TASK DIRECTIONS |
Of the entries below, repeat exactly only those lines from the one containing "this 1333×1203 image." through the last line, with pictures omitted.

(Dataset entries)
---------------

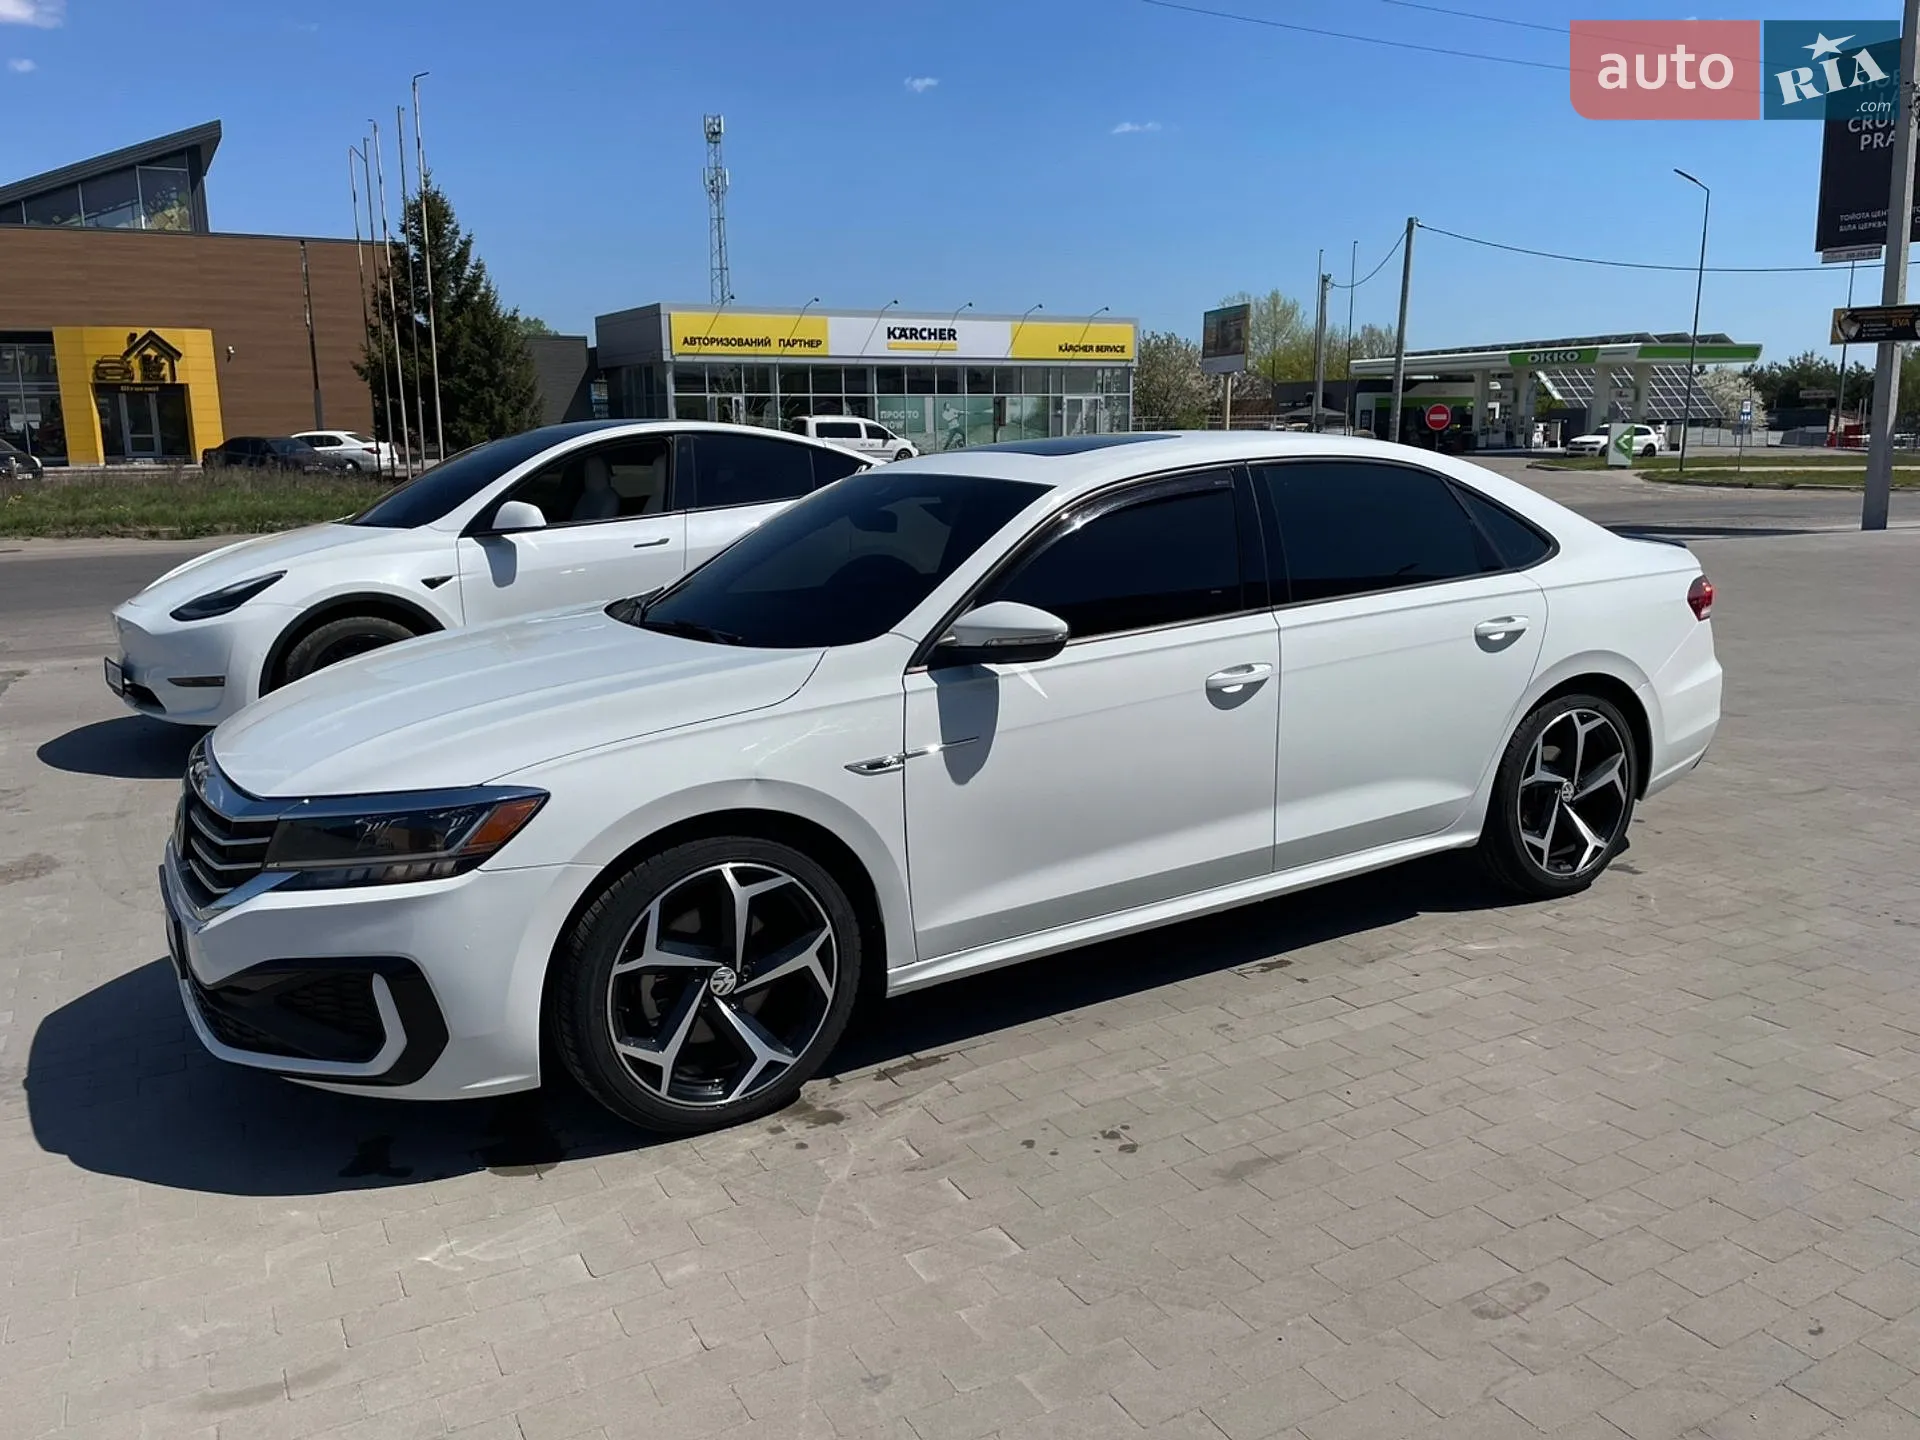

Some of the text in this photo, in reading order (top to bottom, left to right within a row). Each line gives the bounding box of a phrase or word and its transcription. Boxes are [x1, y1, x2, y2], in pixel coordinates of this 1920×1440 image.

[1848, 110, 1896, 132] CRUI
[1860, 130, 1897, 151] PRA
[1871, 209, 1888, 219] ЦЕН
[886, 326, 958, 341] KÄRCHER
[682, 335, 823, 349] АВТОРИЗОВАНИЙ ПАРТНЕР
[1058, 342, 1126, 353] KÄRCHER SERVICE
[1527, 351, 1579, 364] OKKO
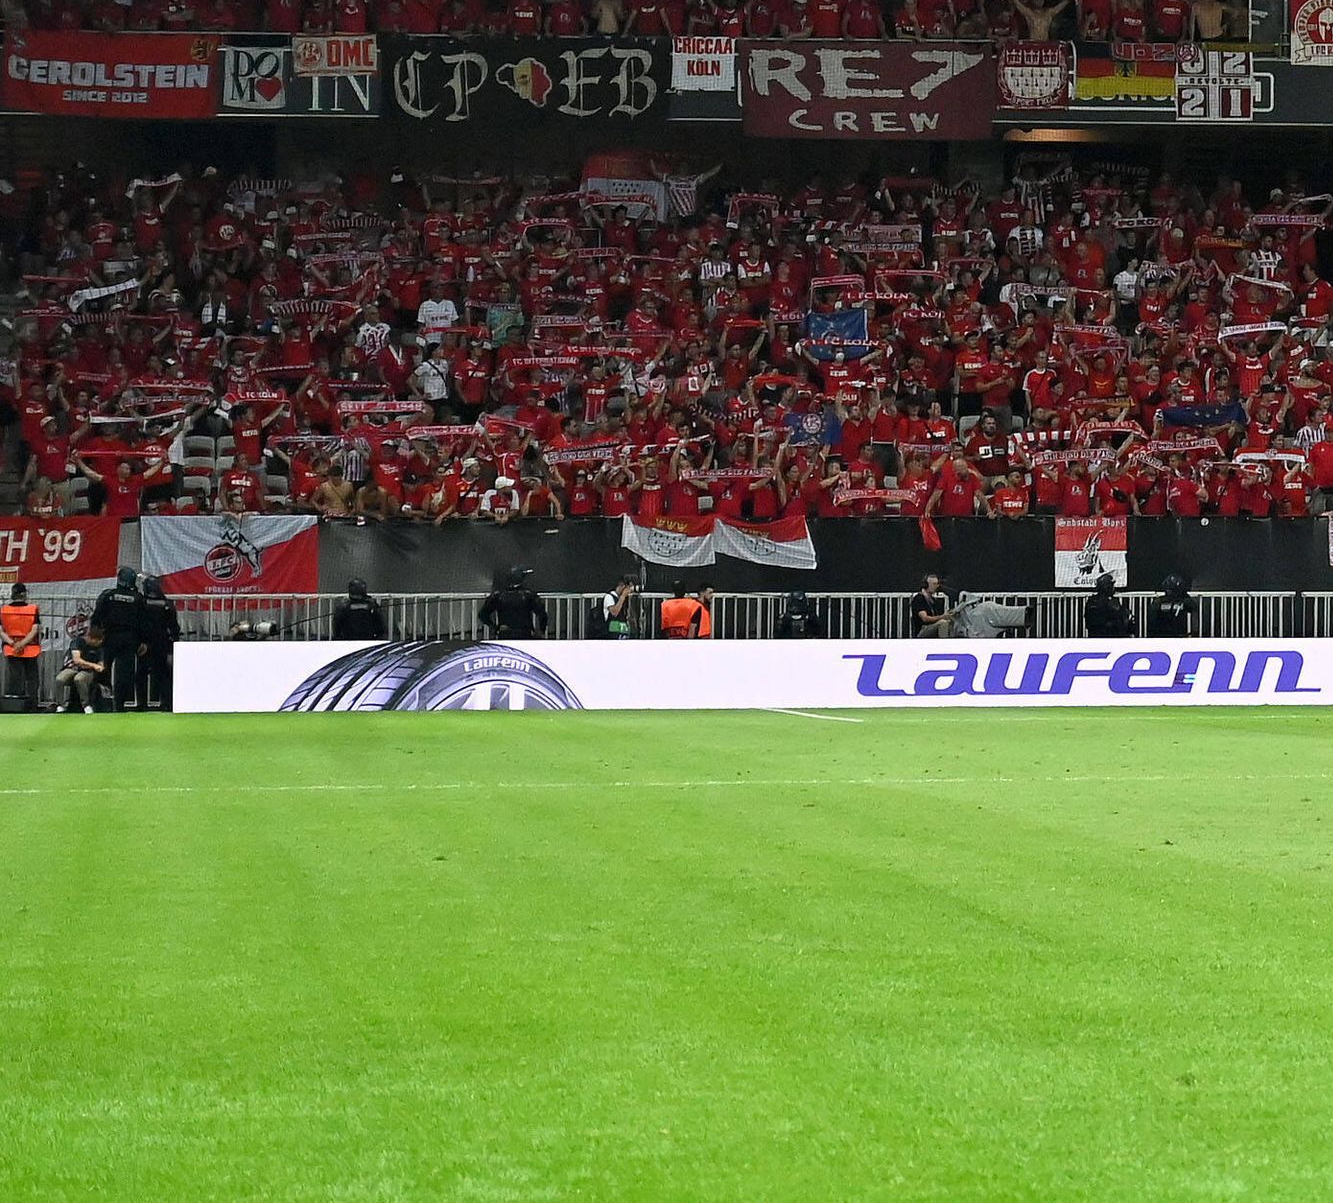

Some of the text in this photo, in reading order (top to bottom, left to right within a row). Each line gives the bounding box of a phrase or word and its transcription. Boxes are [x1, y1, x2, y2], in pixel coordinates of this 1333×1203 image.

[8, 54, 210, 89] GEROLSTEIN
[686, 56, 721, 78] KÖLN
[62, 89, 149, 105] SINCE 2012
[788, 110, 942, 133] CREW
[874, 291, 911, 301] KÖLN
[844, 338, 880, 348] KÖLN
[463, 656, 531, 673] Laufenn
[842, 650, 1320, 697] Laufenn
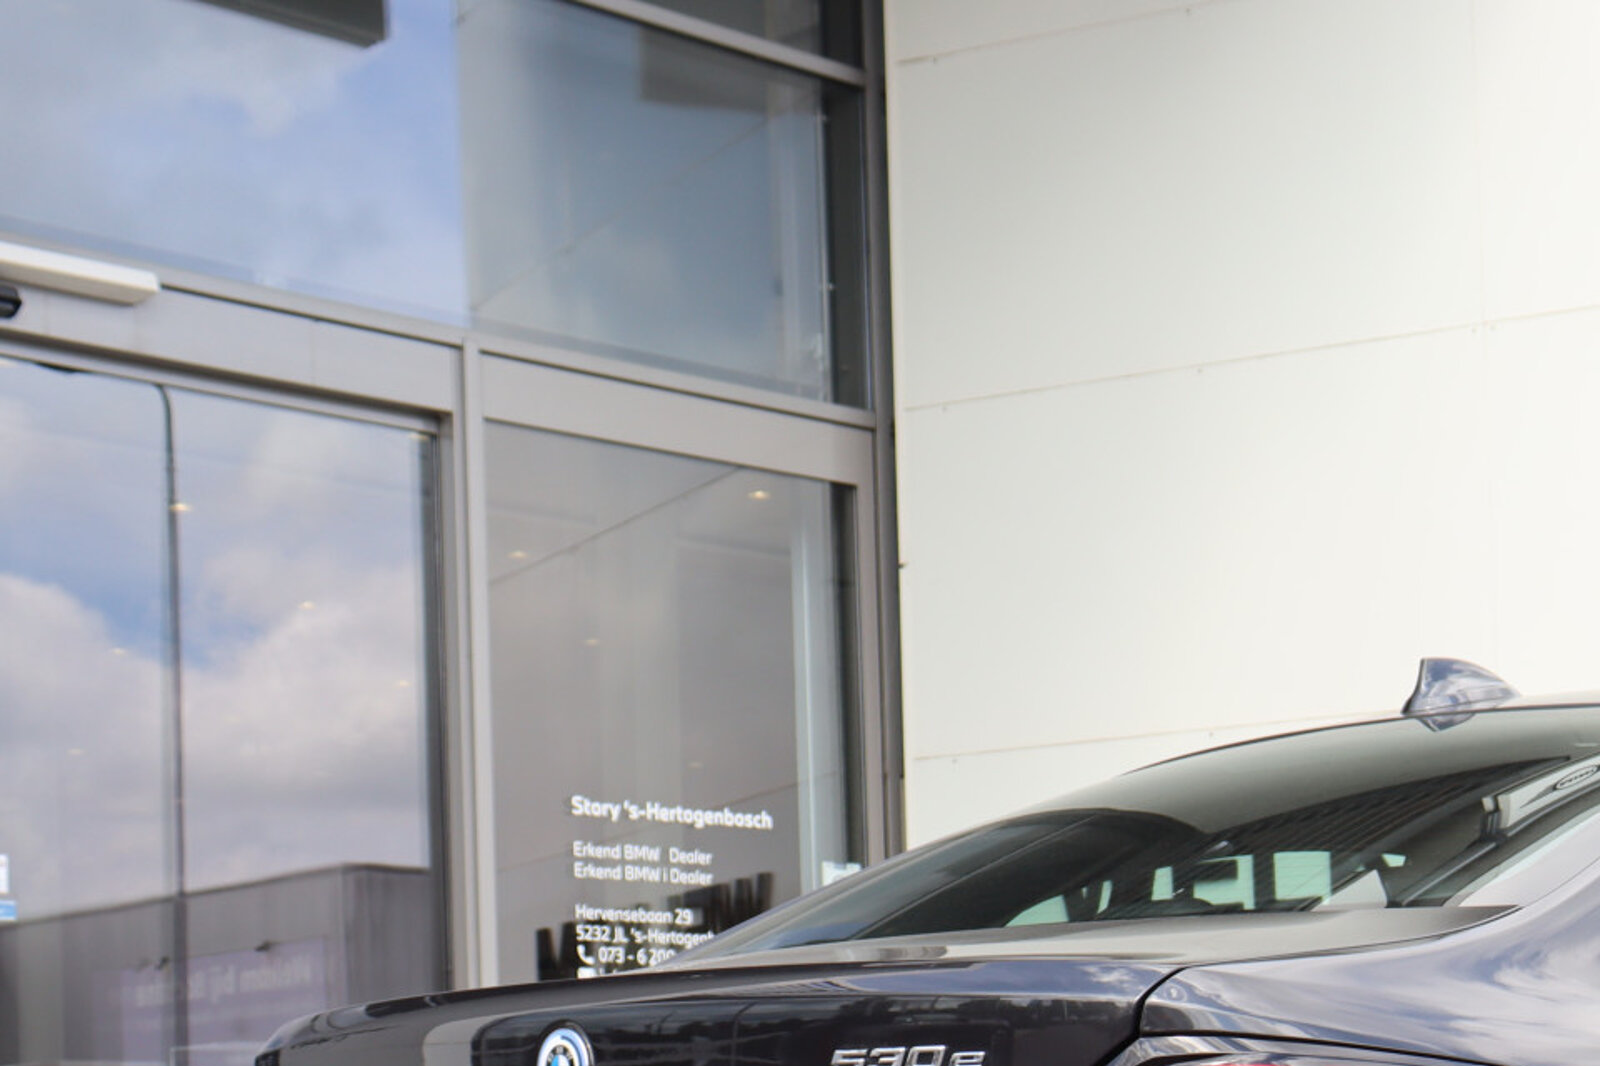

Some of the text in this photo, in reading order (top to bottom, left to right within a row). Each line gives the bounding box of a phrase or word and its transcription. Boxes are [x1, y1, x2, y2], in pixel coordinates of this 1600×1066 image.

---------------

EXERCISE RESPONSE |
Some of the text in this photo, in reading order (top to bottom, left to right within a row). Each line gives the bounding box of a phrase or word and its transcription. Boxes are [x1, y1, x2, y2], in pixel coordinates of this 1333×1203 image.

[8, 54, 210, 89] GEROLSTEIN
[686, 56, 721, 78] KÖLN
[62, 89, 149, 105] SINCE 2012
[788, 110, 942, 133] CREW
[874, 291, 911, 301] KÖLN
[844, 338, 880, 348] KÖLN
[463, 656, 531, 673] Laufenn
[842, 650, 1320, 697] Laufenn

Some of the text in this photo, in reading order (top to bottom, left to right within a row). Each line gives the bounding box of a phrase or word and its transcription. Boxes are [x1, y1, x2, y2], in pixel coordinates of this 1600×1066 image.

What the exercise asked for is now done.